§ **WORK REQUIRED**: What is needed is a verbatim copy of the data, minus the pictures.

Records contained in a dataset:
'''
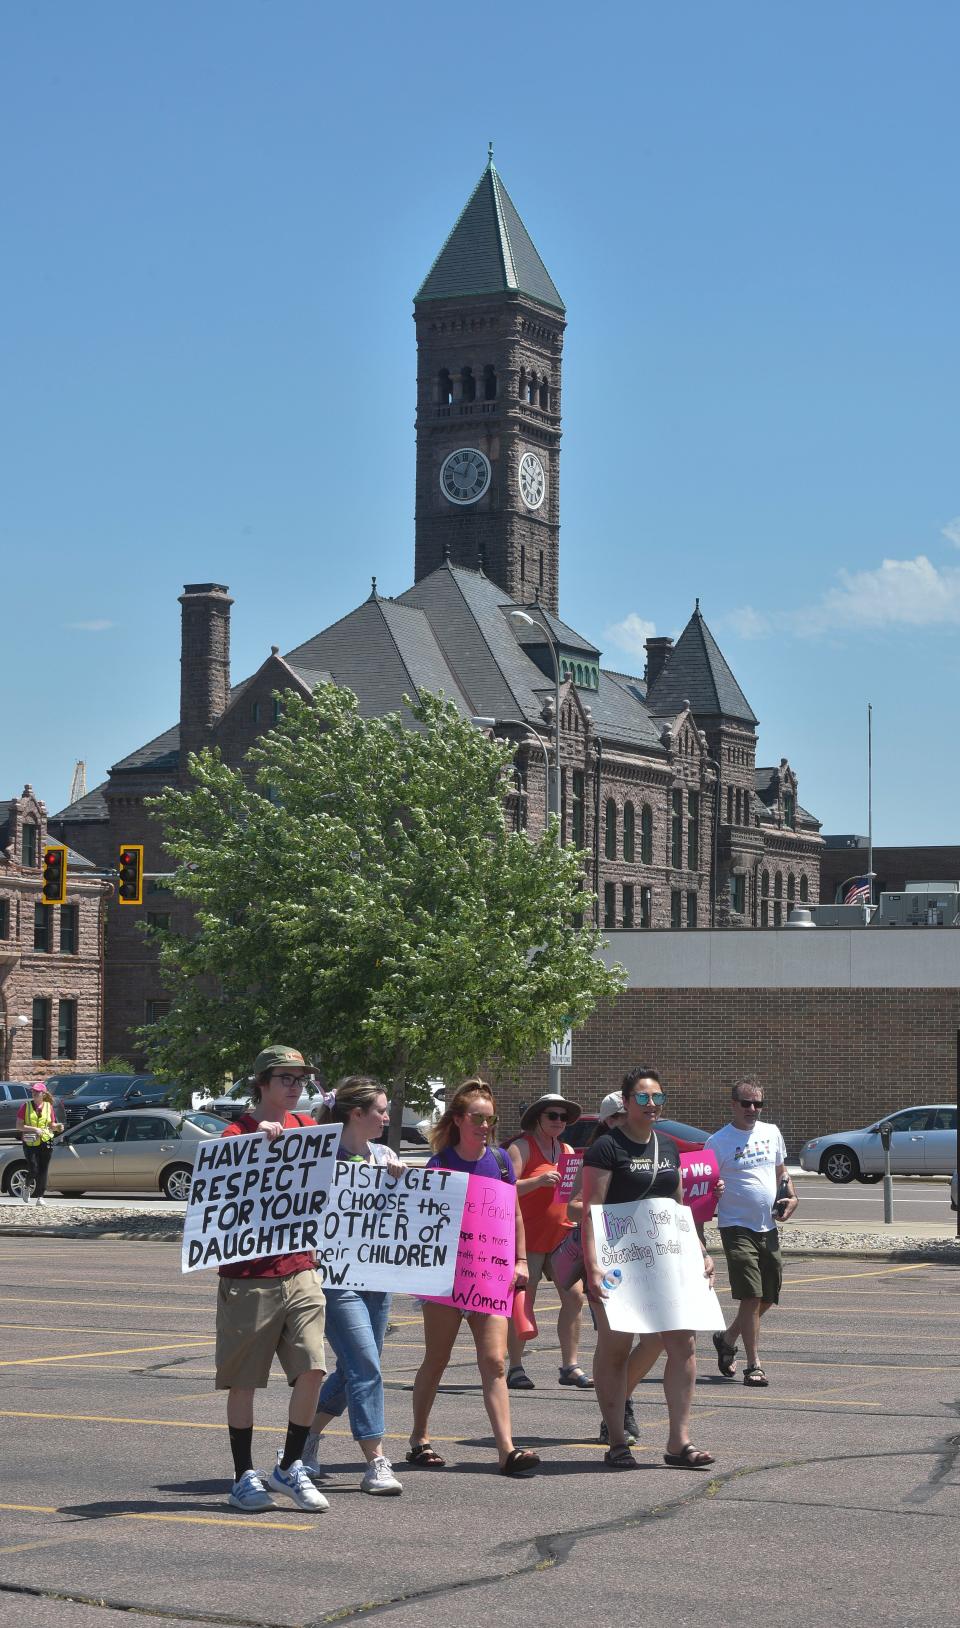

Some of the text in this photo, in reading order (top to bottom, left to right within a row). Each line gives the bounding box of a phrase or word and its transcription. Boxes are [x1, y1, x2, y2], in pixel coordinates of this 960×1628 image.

[197, 1133, 336, 1171] HAVE SOME
[190, 1161, 317, 1205] RESPECT
[332, 1162, 451, 1191] PISTS GET
[690, 1163, 712, 1177] We
[338, 1189, 450, 1216] CHOOSE the
[689, 1182, 710, 1197] All
[202, 1190, 327, 1233] FOR YOUR
[647, 1209, 671, 1239] just
[324, 1212, 451, 1243] OTHER of
[460, 1231, 474, 1242] ape
[188, 1220, 318, 1267] DAUGHTER
[357, 1244, 447, 1267] CHILDREN
[601, 1242, 656, 1268] Standing
[491, 1255, 509, 1266] rape
[452, 1284, 508, 1311] Women
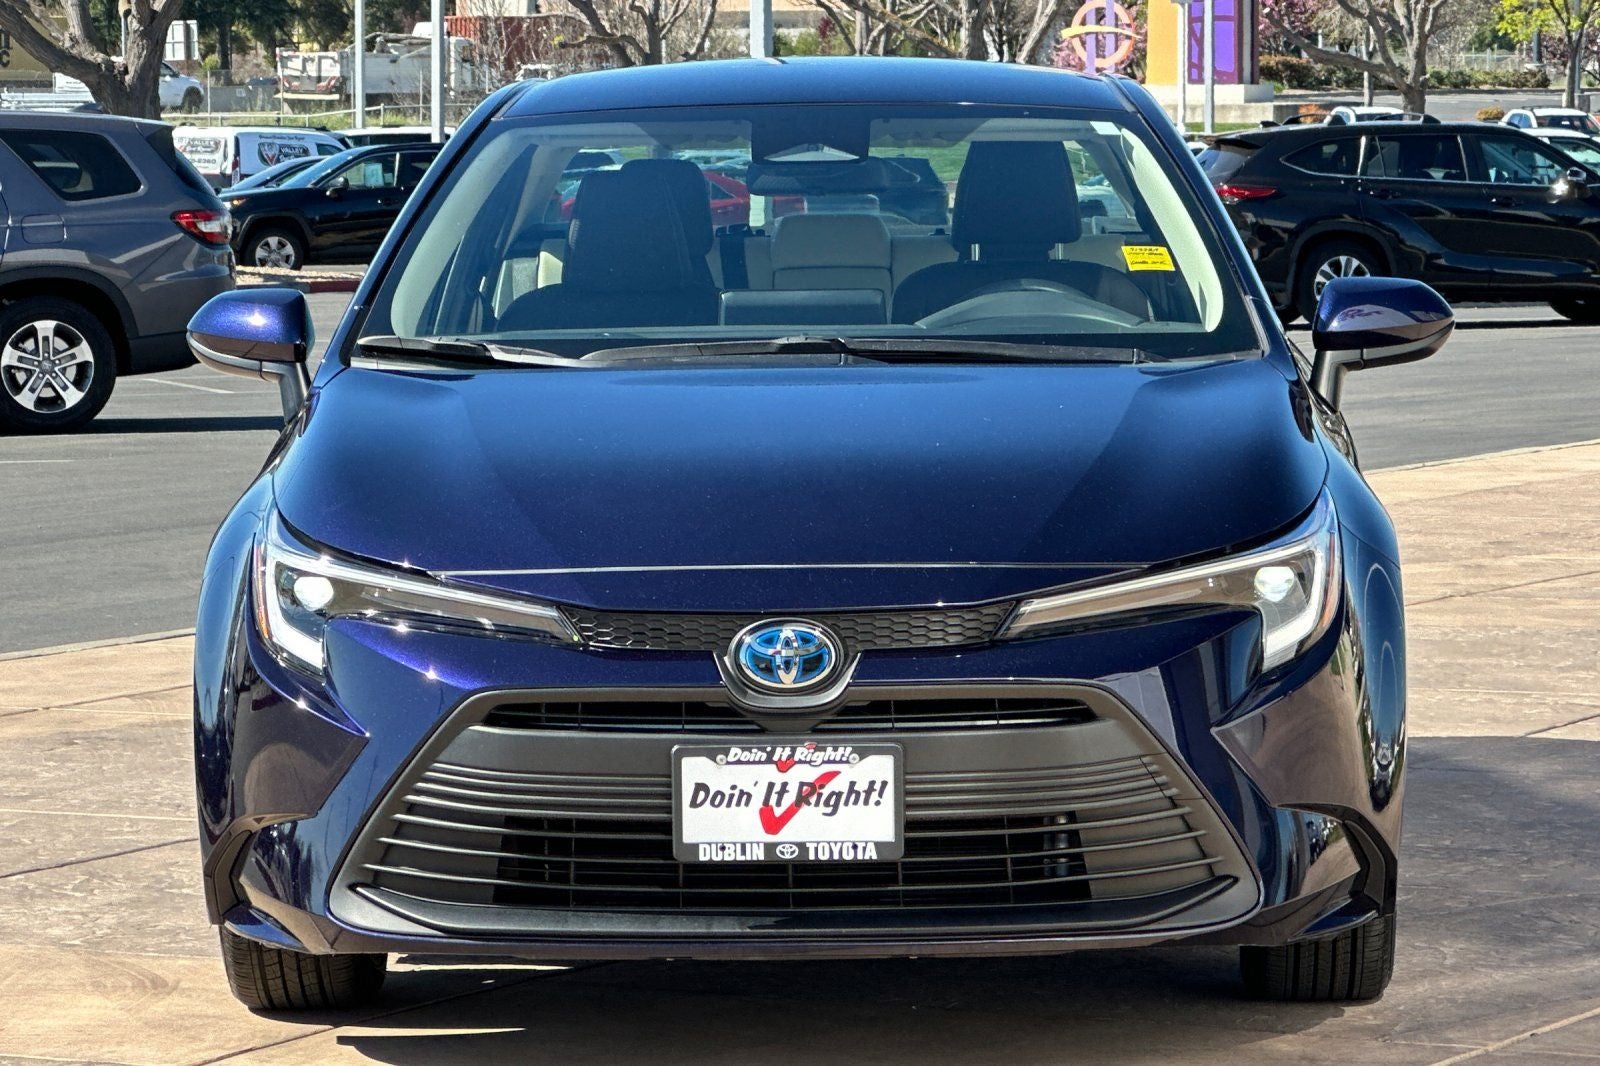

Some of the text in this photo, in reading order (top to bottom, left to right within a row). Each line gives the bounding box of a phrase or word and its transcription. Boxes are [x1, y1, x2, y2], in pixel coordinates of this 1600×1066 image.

[727, 747, 853, 766] Doin' It Right!
[689, 779, 889, 817] Doin' It Right!
[698, 842, 878, 861] DUBLIN TOYOTA
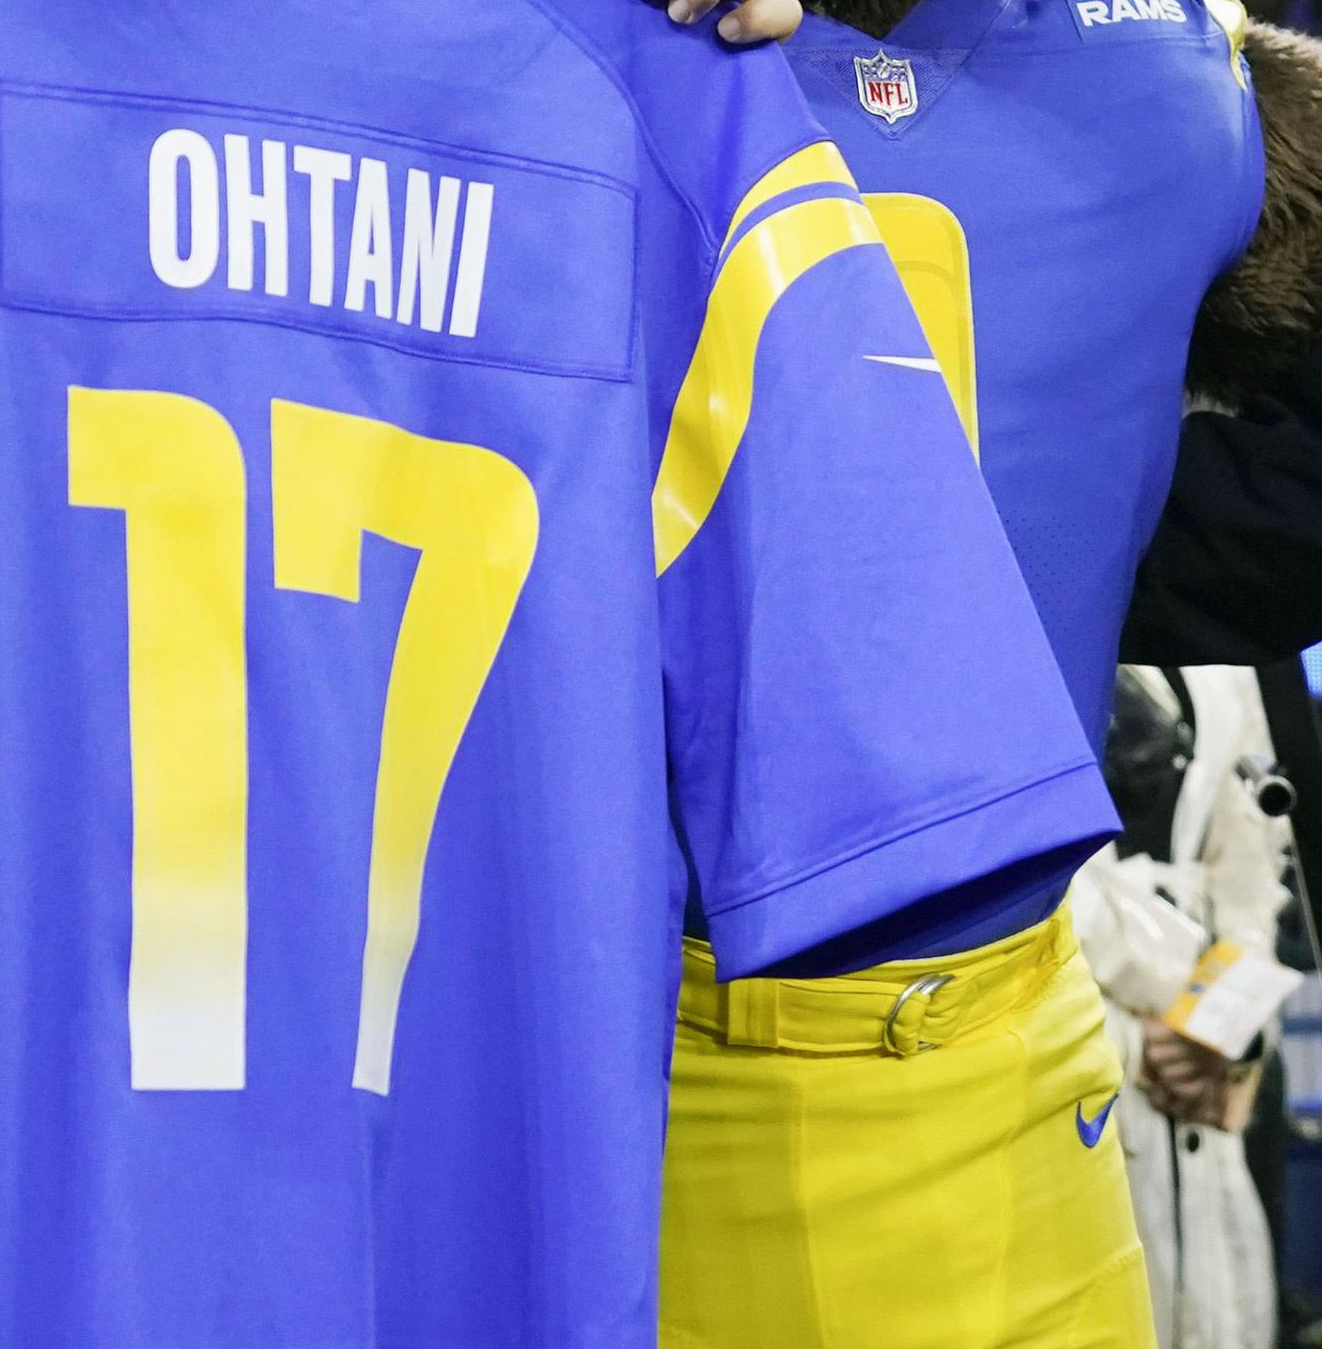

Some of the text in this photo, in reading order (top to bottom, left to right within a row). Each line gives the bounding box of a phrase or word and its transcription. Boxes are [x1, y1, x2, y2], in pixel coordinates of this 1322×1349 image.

[868, 80, 909, 106] NFL
[148, 128, 495, 338] OHTANI
[67, 384, 541, 1096] 17
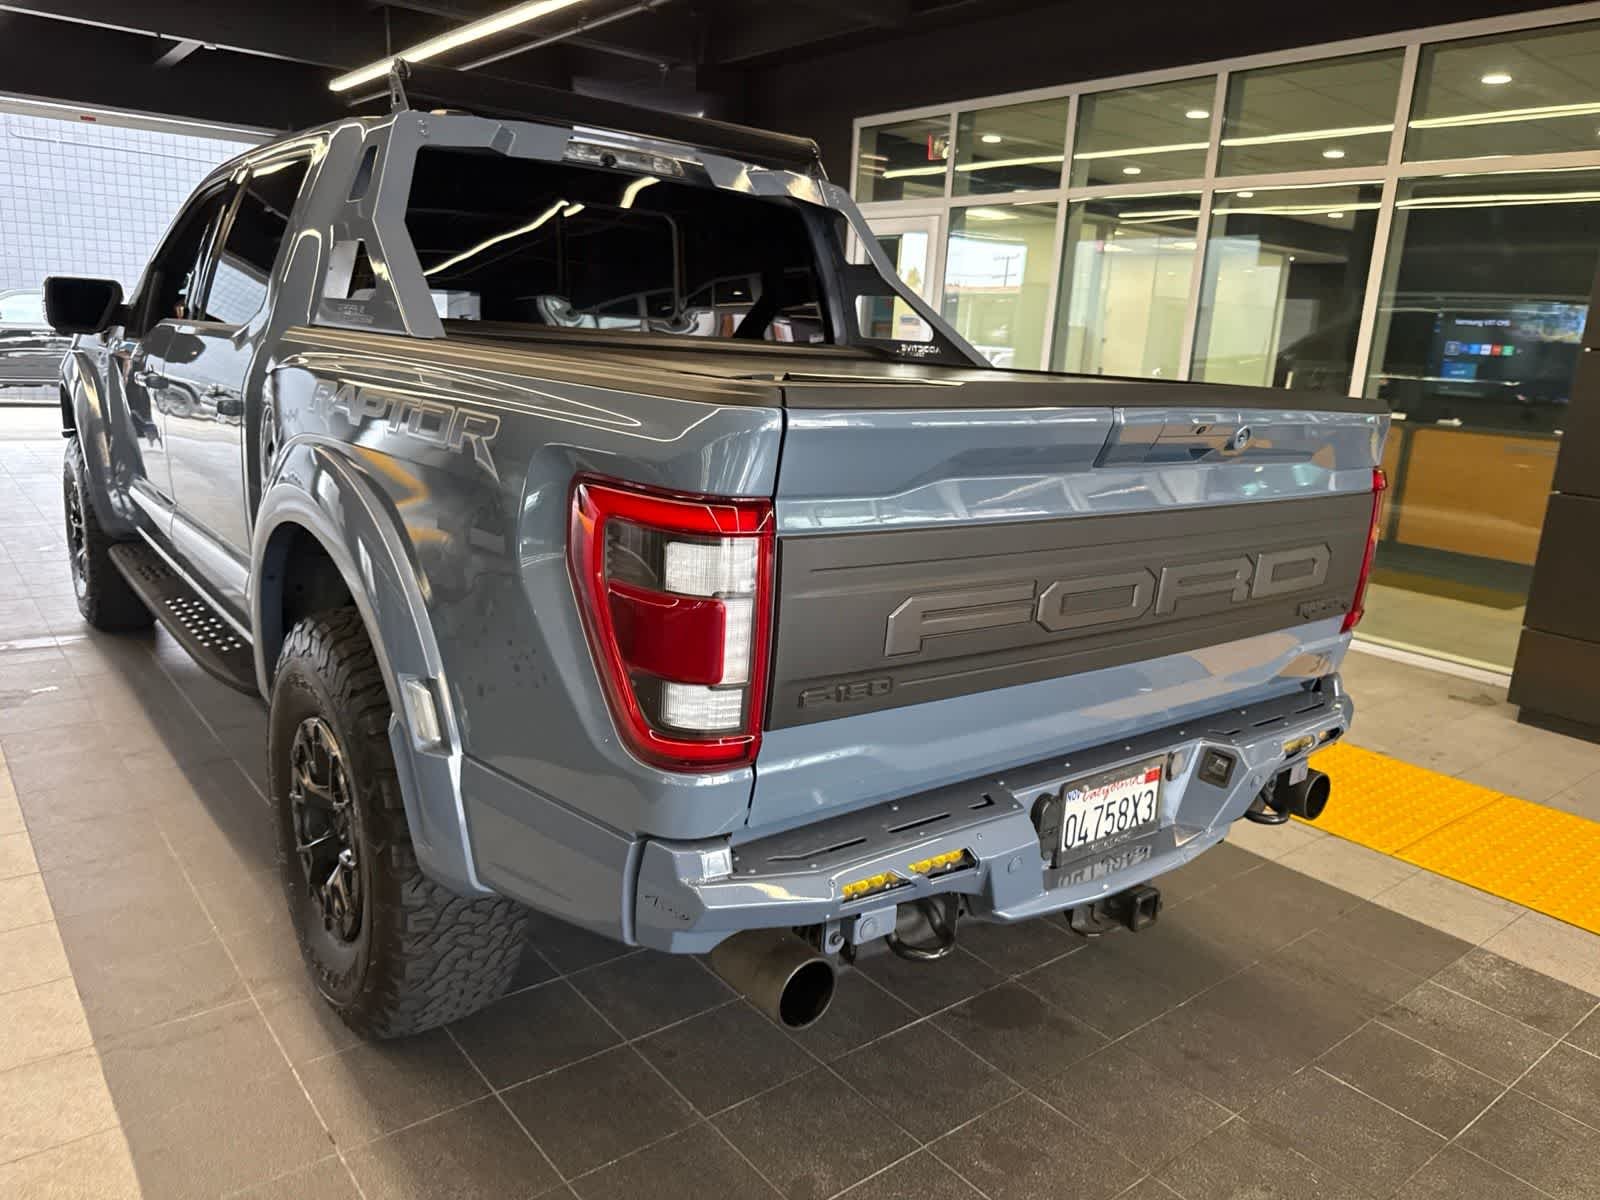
'''
§ **TASK ANSWER**:
Some of the text in this photo, in reading order (top to bottom, left to right within a row). Each line gives the bounding box of a phrase or word and its transcription. Boxes are [x1, y1, x2, y2], in pixel coordinates of this 960×1628 image.

[197, 1133, 336, 1171] HAVE SOME
[190, 1161, 317, 1205] RESPECT
[332, 1162, 451, 1191] PISTS GET
[690, 1163, 712, 1177] We
[338, 1189, 450, 1216] CHOOSE the
[689, 1182, 710, 1197] All
[202, 1190, 327, 1233] FOR YOUR
[647, 1209, 671, 1239] just
[324, 1212, 451, 1243] OTHER of
[460, 1231, 474, 1242] ape
[188, 1220, 318, 1267] DAUGHTER
[357, 1244, 447, 1267] CHILDREN
[601, 1242, 656, 1268] Standing
[491, 1255, 509, 1266] rape
[452, 1284, 508, 1311] Women

Some of the text in this photo, in reading order (top to bottom, left to right within a row). Each line gives the bounding box of a phrase or word and its transcription. Boxes are [x1, y1, x2, y2], in pixel coordinates of this 1600×1066 image.

[727, 747, 853, 766] Doin' It Right!
[689, 779, 889, 817] Doin' It Right!
[698, 842, 878, 861] DUBLIN TOYOTA

Some of the text in this photo, in reading order (top to bottom, left to right within a row). Each line gives the bounding box of a phrase or word and its transcription. Boxes are [x1, y1, x2, y2], in pixel coordinates of this 1322×1349 image.

[868, 80, 909, 106] NFL
[148, 128, 495, 338] OHTANI
[67, 384, 541, 1096] 17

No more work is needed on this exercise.